Exercise goal | For this exercise, print the records below verbatim.

───── Task material

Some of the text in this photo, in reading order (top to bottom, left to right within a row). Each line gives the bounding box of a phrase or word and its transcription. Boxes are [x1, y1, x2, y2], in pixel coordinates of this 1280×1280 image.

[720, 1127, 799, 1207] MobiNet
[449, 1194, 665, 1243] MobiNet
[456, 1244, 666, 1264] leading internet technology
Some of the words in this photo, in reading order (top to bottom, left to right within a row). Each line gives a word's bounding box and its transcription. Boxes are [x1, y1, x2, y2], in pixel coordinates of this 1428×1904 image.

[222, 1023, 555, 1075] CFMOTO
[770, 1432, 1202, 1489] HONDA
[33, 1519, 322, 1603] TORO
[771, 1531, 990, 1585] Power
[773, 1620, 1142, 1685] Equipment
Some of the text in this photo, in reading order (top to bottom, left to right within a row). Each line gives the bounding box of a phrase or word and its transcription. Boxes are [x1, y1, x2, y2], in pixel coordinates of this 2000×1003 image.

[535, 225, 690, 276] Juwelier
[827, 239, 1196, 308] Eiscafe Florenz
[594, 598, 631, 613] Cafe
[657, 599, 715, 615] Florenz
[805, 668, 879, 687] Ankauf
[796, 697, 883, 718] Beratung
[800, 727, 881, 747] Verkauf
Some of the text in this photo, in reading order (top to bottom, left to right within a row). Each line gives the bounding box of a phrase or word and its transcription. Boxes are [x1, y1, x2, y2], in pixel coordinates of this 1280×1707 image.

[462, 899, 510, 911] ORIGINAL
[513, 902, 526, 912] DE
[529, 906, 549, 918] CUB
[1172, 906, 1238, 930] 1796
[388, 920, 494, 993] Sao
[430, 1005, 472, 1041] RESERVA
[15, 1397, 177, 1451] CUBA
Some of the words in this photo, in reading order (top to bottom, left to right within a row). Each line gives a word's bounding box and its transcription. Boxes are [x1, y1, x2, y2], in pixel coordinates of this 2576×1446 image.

──────────

Output |
Some of the text in this photo, in reading order (top to bottom, left to right within a row). Each line gives the bounding box of a phrase or word and its transcription. Boxes are [x1, y1, x2, y2], in pixel coordinates of this 1280×1280 image.

[720, 1127, 799, 1207] MobiNet
[449, 1194, 665, 1243] MobiNet
[456, 1244, 666, 1264] leading internet technology
Some of the words in this photo, in reading order (top to bottom, left to right within a row). Each line gives a word's bounding box and its transcription. Boxes are [x1, y1, x2, y2], in pixel coordinates of this 1428×1904 image.

[222, 1023, 555, 1075] CFMOTO
[770, 1432, 1202, 1489] HONDA
[33, 1519, 322, 1603] TORO
[771, 1531, 990, 1585] Power
[773, 1620, 1142, 1685] Equipment
Some of the text in this photo, in reading order (top to bottom, left to right within a row). Each line gives the bounding box of a phrase or word and its transcription. Boxes are [x1, y1, x2, y2], in pixel coordinates of this 2000×1003 image.

[535, 225, 690, 276] Juwelier
[827, 239, 1196, 308] Eiscafe Florenz
[594, 598, 631, 613] Cafe
[657, 599, 715, 615] Florenz
[805, 668, 879, 687] Ankauf
[796, 697, 883, 718] Beratung
[800, 727, 881, 747] Verkauf
Some of the text in this photo, in reading order (top to bottom, left to right within a row). Each line gives the bounding box of a phrase or word and its transcription. Boxes are [x1, y1, x2, y2], in pixel coordinates of this 1280×1707 image.

[462, 899, 510, 911] ORIGINAL
[513, 902, 526, 912] DE
[529, 906, 549, 918] CUB
[1172, 906, 1238, 930] 1796
[388, 920, 494, 993] Sao
[430, 1005, 472, 1041] RESERVA
[15, 1397, 177, 1451] CUBA
Some of the words in this photo, in reading order (top to bottom, left to right within a row). Each line gives a word's bounding box and its transcription. Boxes are [x1, y1, x2, y2], in pixel coordinates of this 2576×1446 image.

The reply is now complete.